--- Data listing Enclosed Below ---

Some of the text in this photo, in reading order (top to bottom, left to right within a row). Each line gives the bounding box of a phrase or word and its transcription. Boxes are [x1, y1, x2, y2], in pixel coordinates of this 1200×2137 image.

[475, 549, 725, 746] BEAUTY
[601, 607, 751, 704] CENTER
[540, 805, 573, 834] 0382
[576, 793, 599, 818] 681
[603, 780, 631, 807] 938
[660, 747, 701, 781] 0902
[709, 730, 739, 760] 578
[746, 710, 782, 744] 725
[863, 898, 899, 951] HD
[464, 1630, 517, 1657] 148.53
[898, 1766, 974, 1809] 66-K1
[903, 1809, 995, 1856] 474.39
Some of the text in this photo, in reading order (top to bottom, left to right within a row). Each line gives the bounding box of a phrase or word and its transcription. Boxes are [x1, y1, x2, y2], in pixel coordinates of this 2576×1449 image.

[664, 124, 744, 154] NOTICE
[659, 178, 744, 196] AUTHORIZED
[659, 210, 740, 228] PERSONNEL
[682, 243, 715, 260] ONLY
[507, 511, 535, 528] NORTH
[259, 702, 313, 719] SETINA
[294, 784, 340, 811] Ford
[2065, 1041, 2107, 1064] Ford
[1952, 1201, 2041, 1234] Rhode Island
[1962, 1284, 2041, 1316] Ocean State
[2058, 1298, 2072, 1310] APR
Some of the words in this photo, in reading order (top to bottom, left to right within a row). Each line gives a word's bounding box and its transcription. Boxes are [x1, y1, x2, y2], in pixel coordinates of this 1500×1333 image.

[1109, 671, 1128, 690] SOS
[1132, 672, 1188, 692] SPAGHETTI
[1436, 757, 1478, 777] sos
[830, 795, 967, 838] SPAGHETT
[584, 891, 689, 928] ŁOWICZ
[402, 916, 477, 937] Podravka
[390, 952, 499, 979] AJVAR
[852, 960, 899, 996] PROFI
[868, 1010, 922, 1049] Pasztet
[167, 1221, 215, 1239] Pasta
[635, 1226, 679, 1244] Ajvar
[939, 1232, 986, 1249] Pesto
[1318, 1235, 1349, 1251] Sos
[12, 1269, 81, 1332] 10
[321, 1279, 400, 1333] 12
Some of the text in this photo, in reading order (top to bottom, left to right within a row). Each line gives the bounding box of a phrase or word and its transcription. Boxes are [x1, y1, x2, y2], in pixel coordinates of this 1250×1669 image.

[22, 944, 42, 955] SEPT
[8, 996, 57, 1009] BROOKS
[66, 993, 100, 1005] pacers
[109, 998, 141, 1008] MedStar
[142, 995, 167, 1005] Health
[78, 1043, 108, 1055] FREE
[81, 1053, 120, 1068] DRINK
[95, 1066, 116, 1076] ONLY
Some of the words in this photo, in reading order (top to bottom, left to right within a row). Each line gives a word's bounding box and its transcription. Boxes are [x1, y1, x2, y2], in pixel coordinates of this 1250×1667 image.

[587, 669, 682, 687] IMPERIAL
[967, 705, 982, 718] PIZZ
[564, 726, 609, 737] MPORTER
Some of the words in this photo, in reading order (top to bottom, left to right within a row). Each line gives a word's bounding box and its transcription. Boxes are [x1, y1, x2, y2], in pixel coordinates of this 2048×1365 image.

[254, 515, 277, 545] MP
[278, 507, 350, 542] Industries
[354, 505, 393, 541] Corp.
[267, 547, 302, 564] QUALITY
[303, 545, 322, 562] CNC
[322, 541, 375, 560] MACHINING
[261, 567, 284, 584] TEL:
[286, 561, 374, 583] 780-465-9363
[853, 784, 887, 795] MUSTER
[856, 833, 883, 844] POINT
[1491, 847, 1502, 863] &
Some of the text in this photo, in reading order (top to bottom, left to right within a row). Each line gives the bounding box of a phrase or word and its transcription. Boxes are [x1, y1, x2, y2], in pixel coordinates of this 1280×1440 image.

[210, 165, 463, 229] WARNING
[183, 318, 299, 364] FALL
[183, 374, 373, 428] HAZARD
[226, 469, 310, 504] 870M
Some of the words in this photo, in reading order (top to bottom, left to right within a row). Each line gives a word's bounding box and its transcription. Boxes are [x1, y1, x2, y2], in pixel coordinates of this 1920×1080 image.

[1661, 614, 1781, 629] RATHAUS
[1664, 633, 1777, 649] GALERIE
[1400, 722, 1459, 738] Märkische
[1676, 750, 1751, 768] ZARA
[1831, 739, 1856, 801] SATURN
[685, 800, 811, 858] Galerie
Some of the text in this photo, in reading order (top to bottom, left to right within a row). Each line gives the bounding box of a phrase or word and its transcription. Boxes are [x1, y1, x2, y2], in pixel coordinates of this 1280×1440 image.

--- End of Enclosed Data listing ---

#### Work order:
Retype the entries shown above. Keep every word exactly as it is.

#### Written reply:
Some of the text in this photo, in reading order (top to bottom, left to right within a row). Each line gives the bounding box of a phrase or word and its transcription. Boxes are [x1, y1, x2, y2], in pixel coordinates of this 1200×2137 image.

[475, 549, 725, 746] BEAUTY
[601, 607, 751, 704] CENTER
[540, 805, 573, 834] 0382
[576, 793, 599, 818] 681
[603, 780, 631, 807] 938
[660, 747, 701, 781] 0902
[709, 730, 739, 760] 578
[746, 710, 782, 744] 725
[863, 898, 899, 951] HD
[464, 1630, 517, 1657] 148.53
[898, 1766, 974, 1809] 66-K1
[903, 1809, 995, 1856] 474.39
Some of the text in this photo, in reading order (top to bottom, left to right within a row). Each line gives the bounding box of a phrase or word and its transcription. Boxes are [x1, y1, x2, y2], in pixel coordinates of this 2576×1449 image.

[664, 124, 744, 154] NOTICE
[659, 178, 744, 196] AUTHORIZED
[659, 210, 740, 228] PERSONNEL
[682, 243, 715, 260] ONLY
[507, 511, 535, 528] NORTH
[259, 702, 313, 719] SETINA
[294, 784, 340, 811] Ford
[2065, 1041, 2107, 1064] Ford
[1952, 1201, 2041, 1234] Rhode Island
[1962, 1284, 2041, 1316] Ocean State
[2058, 1298, 2072, 1310] APR
Some of the words in this photo, in reading order (top to bottom, left to right within a row). Each line gives a word's bounding box and its transcription. Boxes are [x1, y1, x2, y2], in pixel coordinates of this 1500×1333 image.

[1109, 671, 1128, 690] SOS
[1132, 672, 1188, 692] SPAGHETTI
[1436, 757, 1478, 777] sos
[830, 795, 967, 838] SPAGHETT
[584, 891, 689, 928] ŁOWICZ
[402, 916, 477, 937] Podravka
[390, 952, 499, 979] AJVAR
[852, 960, 899, 996] PROFI
[868, 1010, 922, 1049] Pasztet
[167, 1221, 215, 1239] Pasta
[635, 1226, 679, 1244] Ajvar
[939, 1232, 986, 1249] Pesto
[1318, 1235, 1349, 1251] Sos
[12, 1269, 81, 1332] 10
[321, 1279, 400, 1333] 12
Some of the text in this photo, in reading order (top to bottom, left to right within a row). Each line gives the bounding box of a phrase or word and its transcription. Boxes are [x1, y1, x2, y2], in pixel coordinates of this 1250×1669 image.

[22, 944, 42, 955] SEPT
[8, 996, 57, 1009] BROOKS
[66, 993, 100, 1005] pacers
[109, 998, 141, 1008] MedStar
[142, 995, 167, 1005] Health
[78, 1043, 108, 1055] FREE
[81, 1053, 120, 1068] DRINK
[95, 1066, 116, 1076] ONLY
Some of the words in this photo, in reading order (top to bottom, left to right within a row). Each line gives a word's bounding box and its transcription. Boxes are [x1, y1, x2, y2], in pixel coordinates of this 1250×1667 image.

[587, 669, 682, 687] IMPERIAL
[967, 705, 982, 718] PIZZ
[564, 726, 609, 737] MPORTER
Some of the words in this photo, in reading order (top to bottom, left to right within a row). Each line gives a word's bounding box and its transcription. Boxes are [x1, y1, x2, y2], in pixel coordinates of this 2048×1365 image.

[254, 515, 277, 545] MP
[278, 507, 350, 542] Industries
[354, 505, 393, 541] Corp.
[267, 547, 302, 564] QUALITY
[303, 545, 322, 562] CNC
[322, 541, 375, 560] MACHINING
[261, 567, 284, 584] TEL:
[286, 561, 374, 583] 780-465-9363
[853, 784, 887, 795] MUSTER
[856, 833, 883, 844] POINT
[1491, 847, 1502, 863] &
Some of the text in this photo, in reading order (top to bottom, left to right within a row). Each line gives the bounding box of a phrase or word and its transcription. Boxes are [x1, y1, x2, y2], in pixel coordinates of this 1280×1440 image.

[210, 165, 463, 229] WARNING
[183, 318, 299, 364] FALL
[183, 374, 373, 428] HAZARD
[226, 469, 310, 504] 870M
Some of the words in this photo, in reading order (top to bottom, left to right within a row). Each line gives a word's bounding box and its transcription. Boxes are [x1, y1, x2, y2], in pixel coordinates of this 1920×1080 image.

[1661, 614, 1781, 629] RATHAUS
[1664, 633, 1777, 649] GALERIE
[1400, 722, 1459, 738] Märkische
[1676, 750, 1751, 768] ZARA
[1831, 739, 1856, 801] SATURN
[685, 800, 811, 858] Galerie
Some of the text in this photo, in reading order (top to bottom, left to right within a row). Each line gives the bounding box of a phrase or word and its transcription. Boxes are [x1, y1, x2, y2], in pixel coordinates of this 1280×1440 image.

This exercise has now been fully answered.